Franky menambahkan, dirinya sudah bertemu dengan Forum Industri Pengguna Gas, Senin lalu (31/8). Menurutnya, salah satu isu yang mengemuka dalam pertemuan tersebut adalah potensi peningkatan daya saing industri melalui efisiensi harga gas bagi kalangan industri. Ia menyatakan, BKPM akan mengkaji lebih dalam dampak efisiensi harga gas terhadap daya saing industri serta mekanisme yang memungkinkan efisiensi tersebut dapat dilakukan.
“Harga gas berkontribusi cukup besar dalam komponen biaya produksi. Sebagai contoh, industri keramik, komponen harga gas memiliki porsi 30 persen dari biaya produksi, industri petrokimia 10 persen, industri kaca 30-35 persen, industri baja 30-35 persen, serta industri pupuk 80 persen. Apabila efisiensi harga gas dapat diberikan, daya saing industri-industri tersebut tentu akan meningkat,” kata Franky.

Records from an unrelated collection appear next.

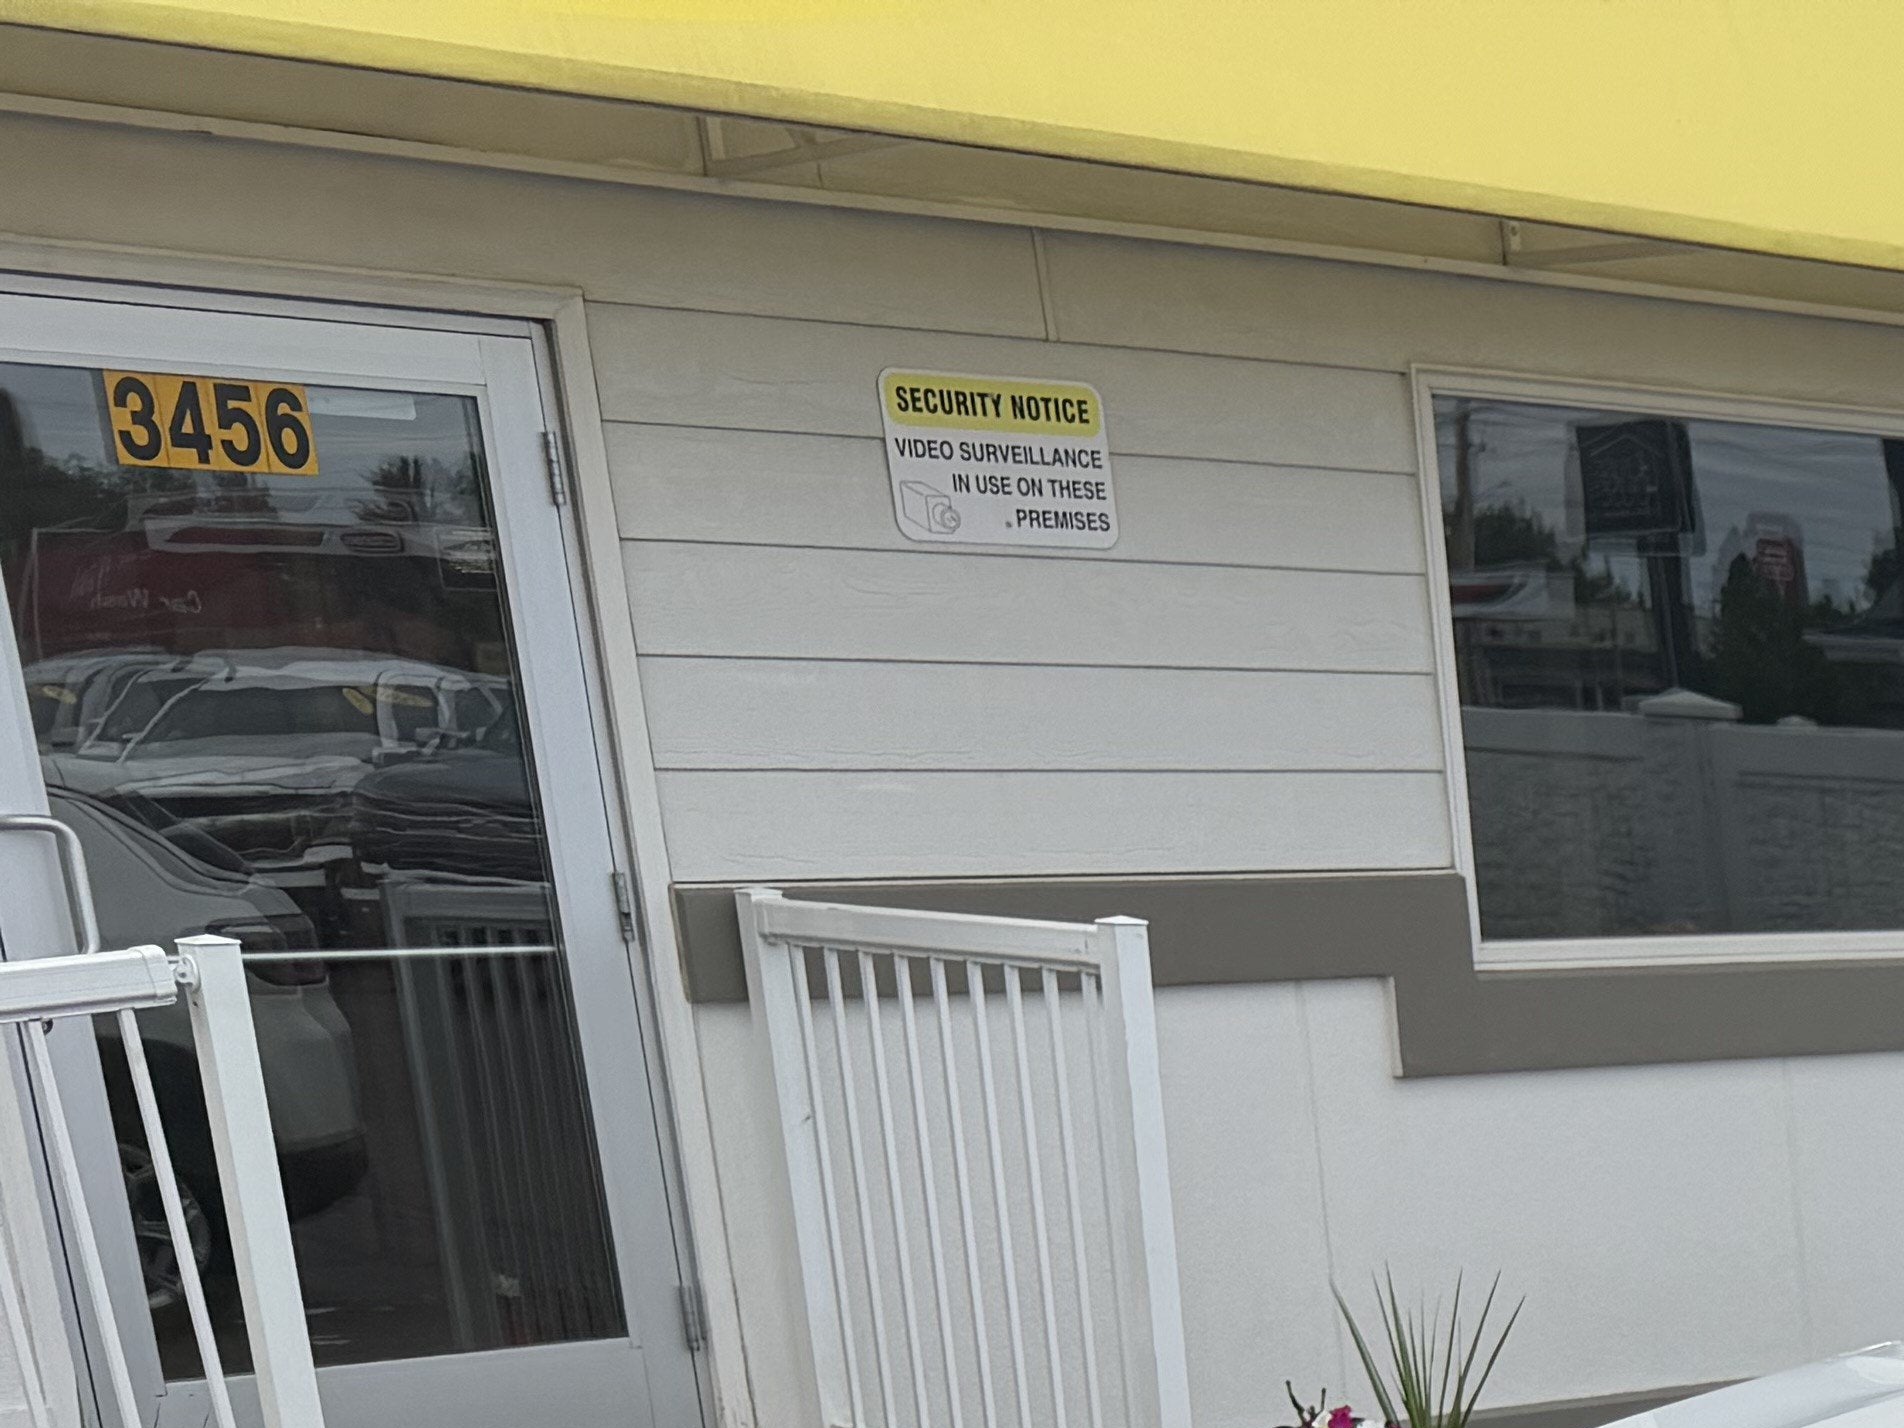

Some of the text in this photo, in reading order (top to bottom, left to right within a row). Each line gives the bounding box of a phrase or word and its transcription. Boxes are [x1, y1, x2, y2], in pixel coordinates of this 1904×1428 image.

[895, 385, 1091, 424] SECURITY NOTICE
[112, 375, 311, 470] 3456
[895, 437, 1103, 470] VIDEO SURVEILLANCE
[952, 473, 1108, 501] IN USE ON THESE
[1015, 508, 1111, 532] PREMISES

Sebelumnya, industri pengguna gas di Sumatera Utara (Sumut) menyatakan mengalami kesulitan dalam menjalankan operasional karena kenaikan harga gas menjadi US$ 14 per mmbtu dari sebelumnya US$ 8,7 per mmbtu, sejak 1 Agustus 2015 yang lalu.
Ketua Asosiasi Perusahaan Pemakai Gas (Apigas) Sumut, Johan Brien mengungkapkan, secara
head to head, harga gas di Sumut jauh di atas Malaysia dan Singapura. Di dua negara itu, harga gas untuk industri paling mahal US$ 3,8 per mmbtu.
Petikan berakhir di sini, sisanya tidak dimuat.